- Born: April 30, 1939 Ohkay Owingeh
- Died: January 26, 1997 (aged 57)
- Education: University of New Mexico University of Chicago
- Scientific career
- Fields: Cultural anthropology
- Workplaces: University of California, Los Angeles Colorado College Pitzer College Princeton University University of New Mexico

= Alfonso Ortiz =

Ohkay Owingeh cultural anthropologist (1939–1998)

Alfonso Alex Ortiz (April 30, 1939 – January 26, 1997) was a Tewa cultural anthropologist and activist from Ohkay Owingeh.

Ortiz's research focused on Tewa cultural practices, rituals, myths, and knowledge. He is best known for his book on Tewa cosmologies, The Tewa World: Space, Time, Being and Becoming in a Pueblo Society, published in 1969. Ortiz's writing of sacred practices with outsiders generated some controversy within his Pueblo communities as it broke the code of silence taboo around Pueblo religion.

Ortiz was an early proponent of autoethnography and encouraged other Native peoples to produce scholarship on their own cultures, instead of being the object of study of outside researchers. He is generally regarded as one of the most influential Pueblo academics of the twentieth century along with Joe Sando.

==Early life and education==
Alfonso Ortiz was born in Ohkay Owingeh, New Mexico on April 30, 1939. His father, Sam Ortiz, was Tewa, and mother, Guadalupe (Naranjo) Ortiz, was Hispanic. Ortiz was primarily raised by his paternal, Tewa grandparents in Ohkay Owingeh. He went to high school in Española, won a National Merit Scholarship, and went on to attend the University of New Mexico.

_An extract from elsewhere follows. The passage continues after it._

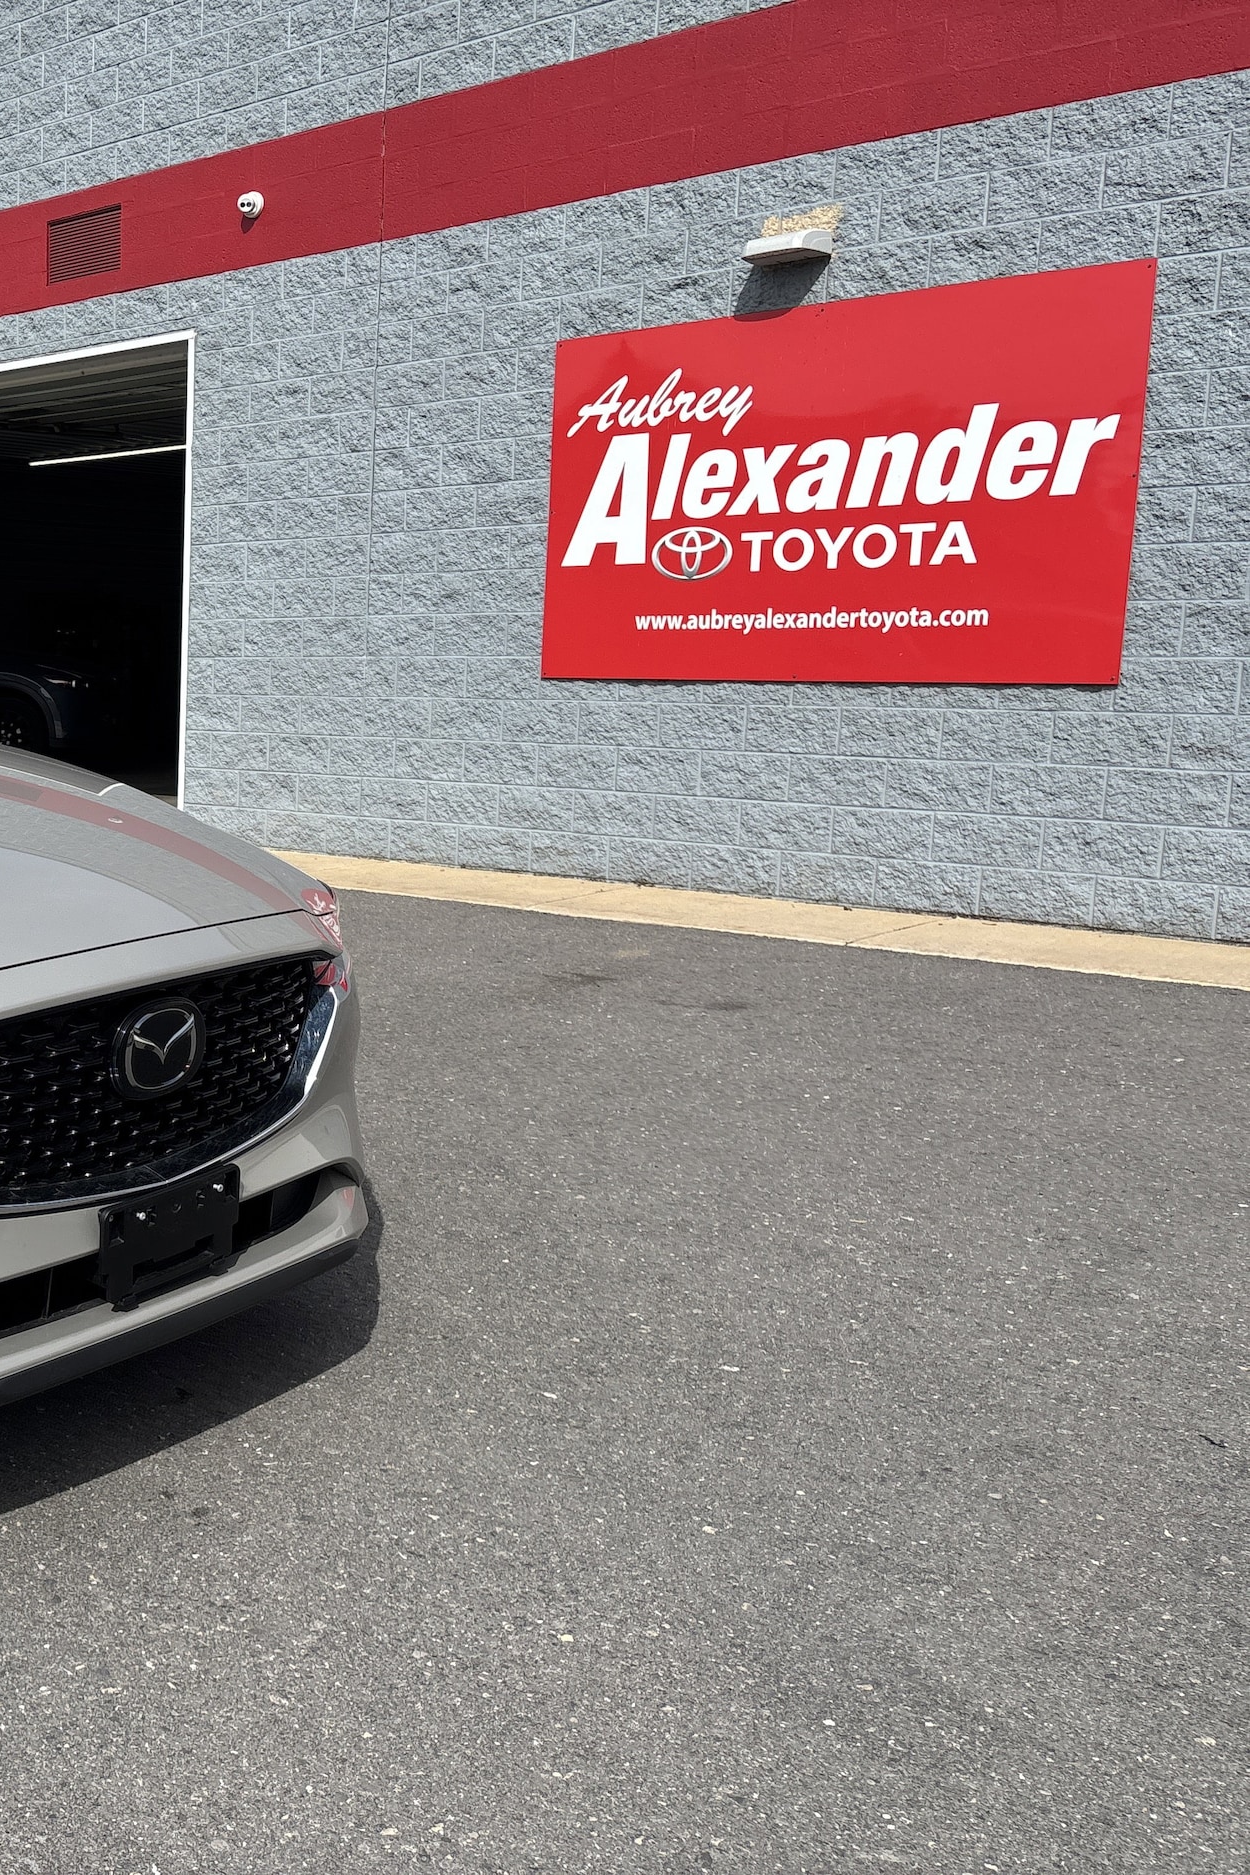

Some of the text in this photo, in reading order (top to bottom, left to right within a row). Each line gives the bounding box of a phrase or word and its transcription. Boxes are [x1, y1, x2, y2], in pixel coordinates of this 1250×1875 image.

[566, 367, 753, 438] Aubrey
[560, 402, 1121, 567] Alexander
[740, 520, 977, 572] TOYOTA
[635, 606, 989, 635] www.aubreyalexandertoyota.com

Ortiz graduated from the University of New Mexico in 1961 with an A.B in Sociology. He began his graduate work in sociology at Arizona State University, but transferred to the University of Chicago where he switched his focus to anthropology after encountering the work of Edward Dozier. Ortiz graduated from the University of Chicago with an M.A. (1963) and a Ph.D. (1967) in Anthropology.

== Career ==
Ortiz taught cultural anthropology at the University of California at Los Angeles, Colorado College, Pitzer College, Princeton University, and the University of New Mexico. He is best known for his works The Tewa World: Space, Time, Being and Becoming in a Pueblo Society (1969); American Indian Myths and Legends (1984), co-edited with Richard Erdoes; the edited volume, New Perspectives on the Pueblos (1972); and his contributions to the Handbook of North American Indians (1978), published by the Smithsonian.

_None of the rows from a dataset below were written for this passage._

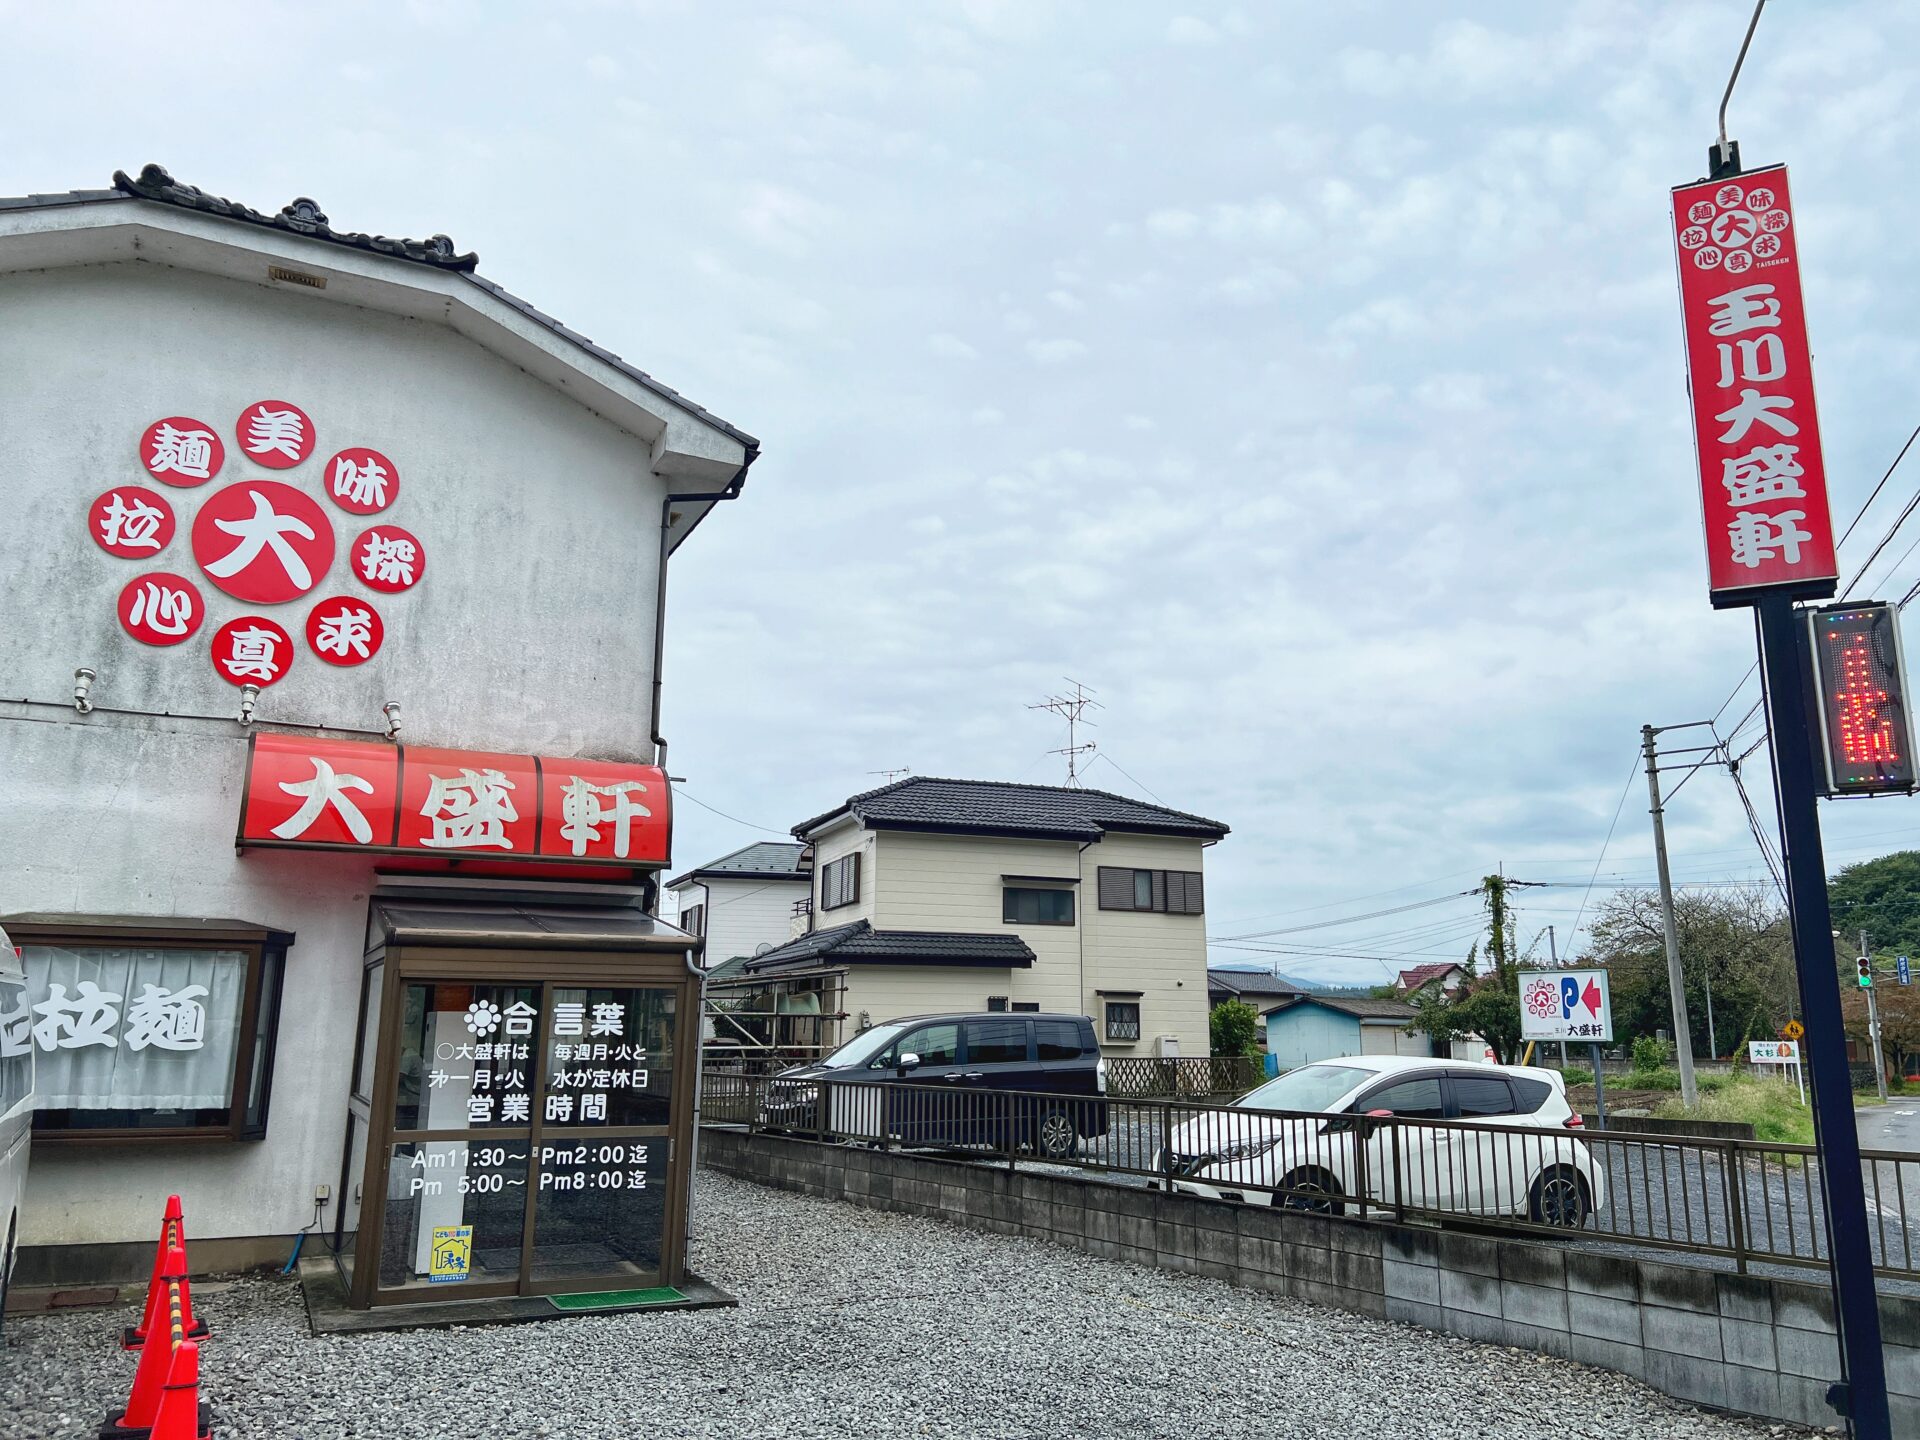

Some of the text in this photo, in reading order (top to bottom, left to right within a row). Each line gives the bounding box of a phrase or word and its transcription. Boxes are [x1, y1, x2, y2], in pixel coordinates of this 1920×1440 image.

[1684, 229, 1705, 247] 拉
[1716, 214, 1752, 243] 大
[1720, 187, 1786, 255] 美 味 探 求
[1698, 249, 1719, 266] 心
[1707, 284, 1813, 568] 玉川大盛軒
[100, 493, 164, 549] 拉
[204, 490, 315, 590] 大
[246, 406, 416, 658] 美 味 探 求
[129, 582, 192, 635] 心
[222, 626, 282, 681] 真
[270, 756, 652, 858] 大盛軒
[1567, 1023, 1603, 1037] 大盛軒
[552, 1069, 648, 1089] 水が定休日

In addition to his teaching and research, Ortiz was an activist for Native American rights. He was a member of the National Advisory Council of the National Indian Youth Council from 1972-1990, chair of the National Advisory Council to the Newberry Library's D’Arcy McNickle Center for the History of the American Indian, and president of the Association on American Indian Affairs from 1973-1988. Ortiz also assisted in mediating the return of Taos Pueblo land, including Blue Lake, to the Tiwa in 1970 and the Wounded Knee Occupation in 1973.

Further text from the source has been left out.